CREATE TABLE outbox (
id BIGSERIAL PRIMARY KEY,
topic TEXT NOT NULL,
payload JSONB NOT NULL,
published BOOLEAN NOT NULL DEFAULT FALSE,
created_at TIMESTAMPTZ NOT NULL DEFAULT now()
);Because the relay can crash after publishing but before marking a row, delivery is at-least-once: the same event may be published twice. Consumers must therefore be idempotent — which is exactly what the inbox table provides. Each consumer records the IDs of messages it has processed (in the same transaction as its own state change) and skips any it has seen before.
When to Use#
- You must publish events or messages reliably as a consequence of a database change, and losing or duplicating-without-control is unacceptable.
- You're building an Event-Driven, Event Sourcing, or Saga system where downstream steps depend on every state change being announced.
- Your database supports transactions (so the business row and outbox row commit atomically).
- You can tolerate at-least-once delivery and make consumers idempotent.
When Not to Use#
- The event is purely advisory and an occasional lost message is harmless (best-effort notifications, metrics).

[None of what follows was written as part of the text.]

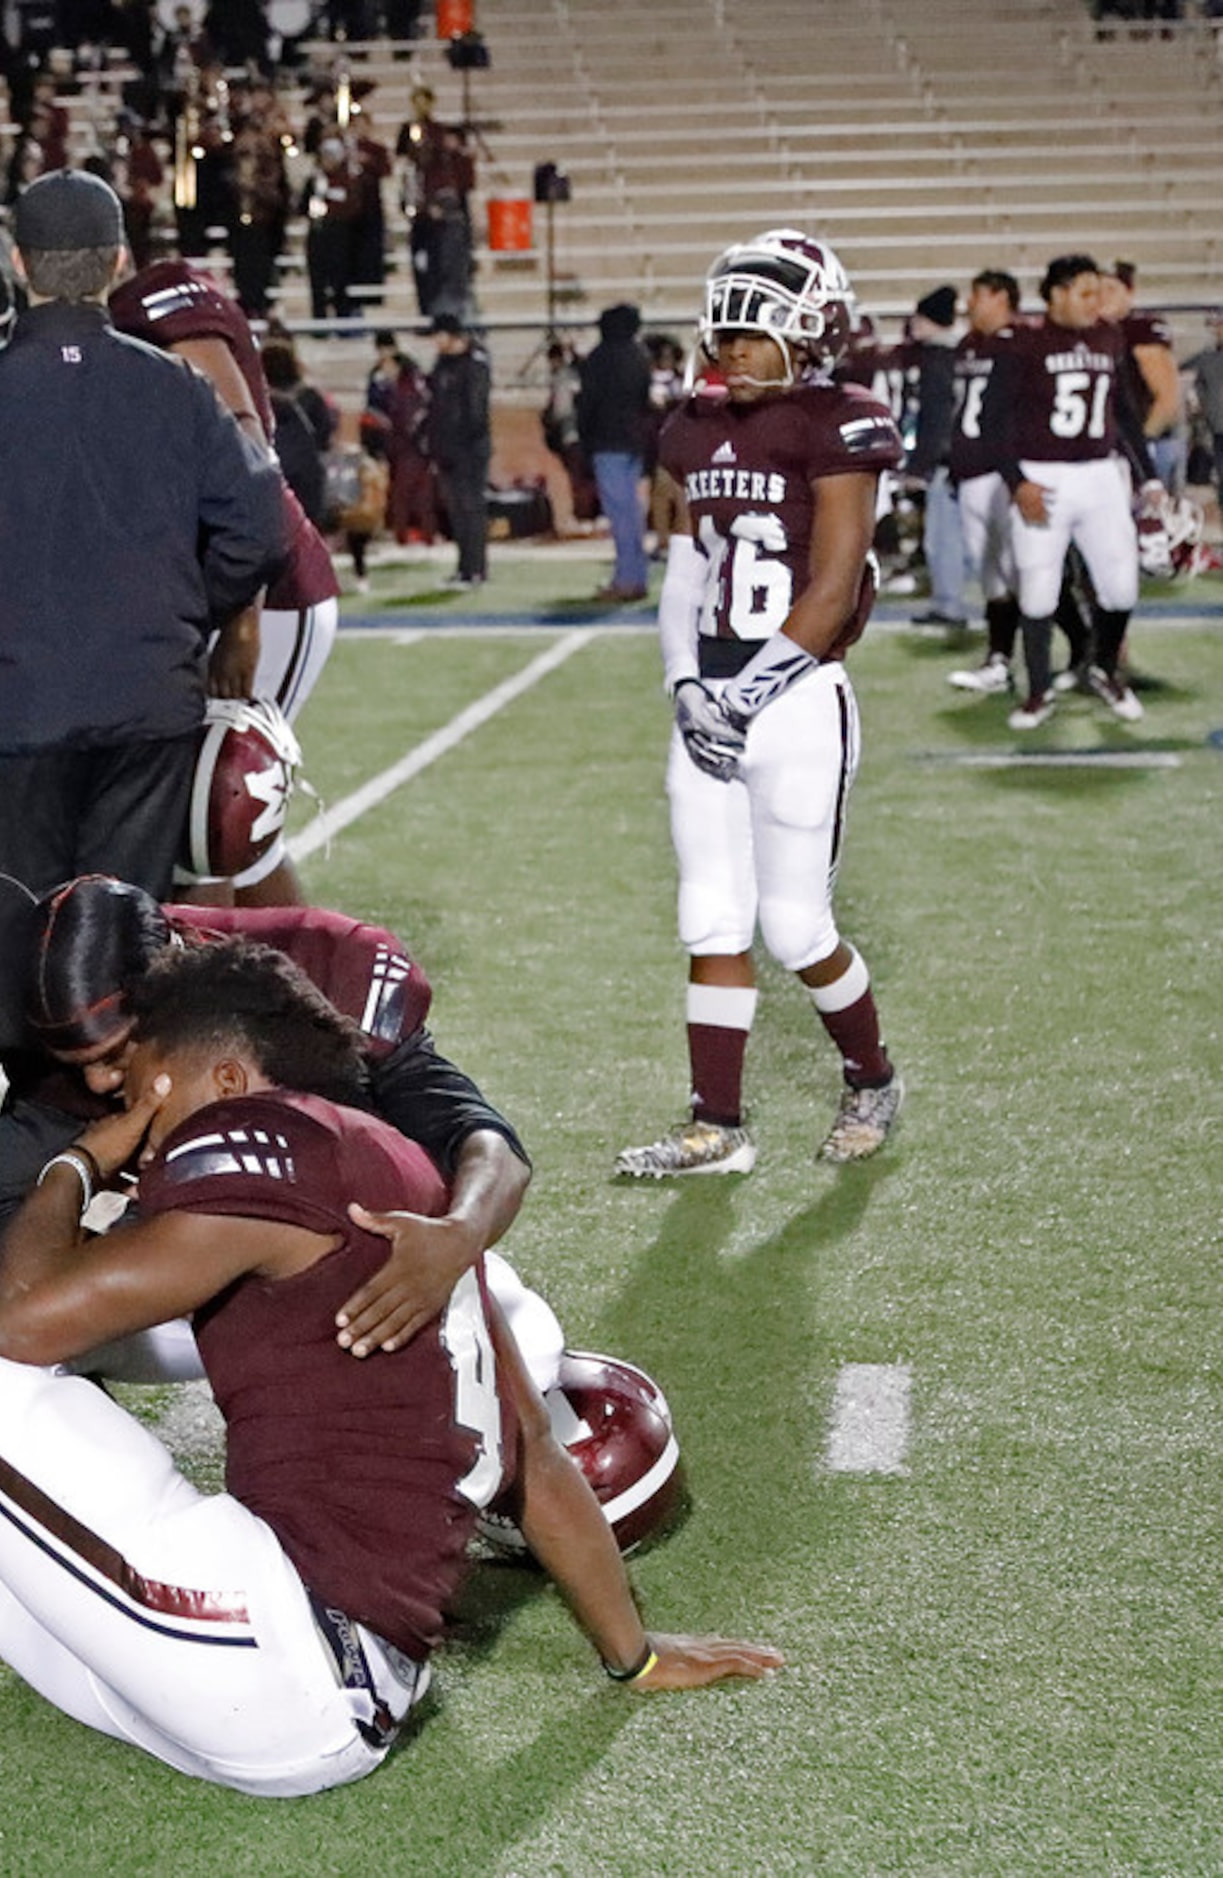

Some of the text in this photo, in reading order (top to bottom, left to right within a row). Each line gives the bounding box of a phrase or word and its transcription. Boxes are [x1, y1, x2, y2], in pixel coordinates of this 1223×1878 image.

[61, 345, 82, 363] 15
[1050, 373, 1111, 439] 51
[685, 469, 787, 504] KEETERS
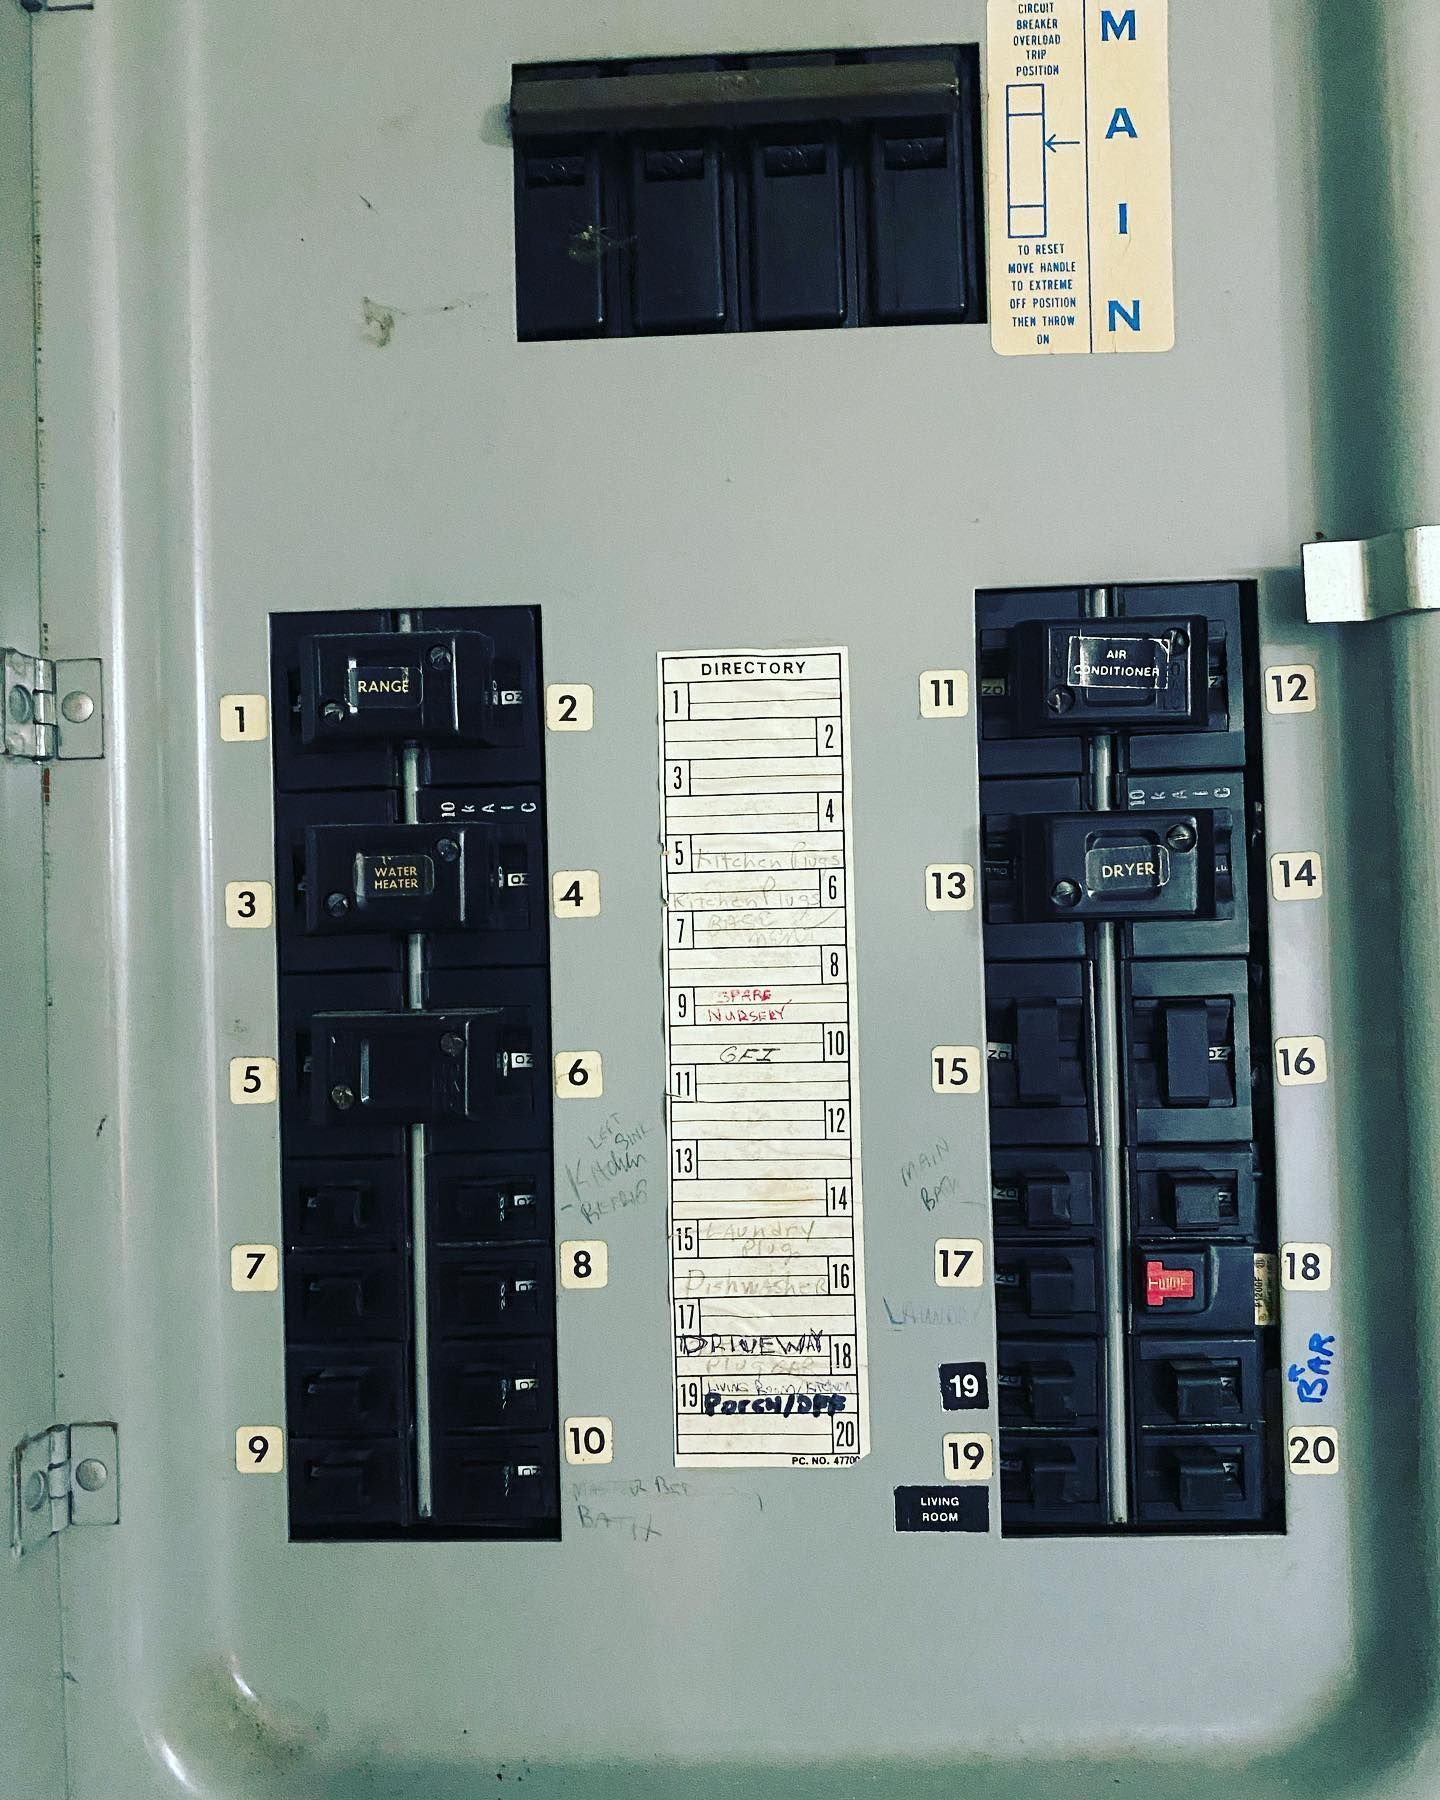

The machinery isn't worth it.
- Producer and consumer share the same database and transaction already — just do the work in that transaction; you don't need a broker hop.
- Your "database" has no multi-row transactional guarantee, so the atomic write the pattern depends on isn't available.
- Strict ordering across many partitions is required and your relay can't preserve it cheaply; you may need a different delivery design.
Tradeoffs#
The outbox guarantees the event is recorded atomically with the state change, but delivery is still at-least-once and asynchronous. You're buying reliability with two costs: latency (the event lands on the broker after a poll interval or CDC lag, not instantly) and operational weight (a relay process or CDC pipeline to run, monitor, and keep from falling behind).
Idempotency moves downstream: every consumer must dedupe, typically via an inbox table. Ordering needs care too — a naive relay can reorder events; preserve order with a monotonic sequence and per-key processing where it matters.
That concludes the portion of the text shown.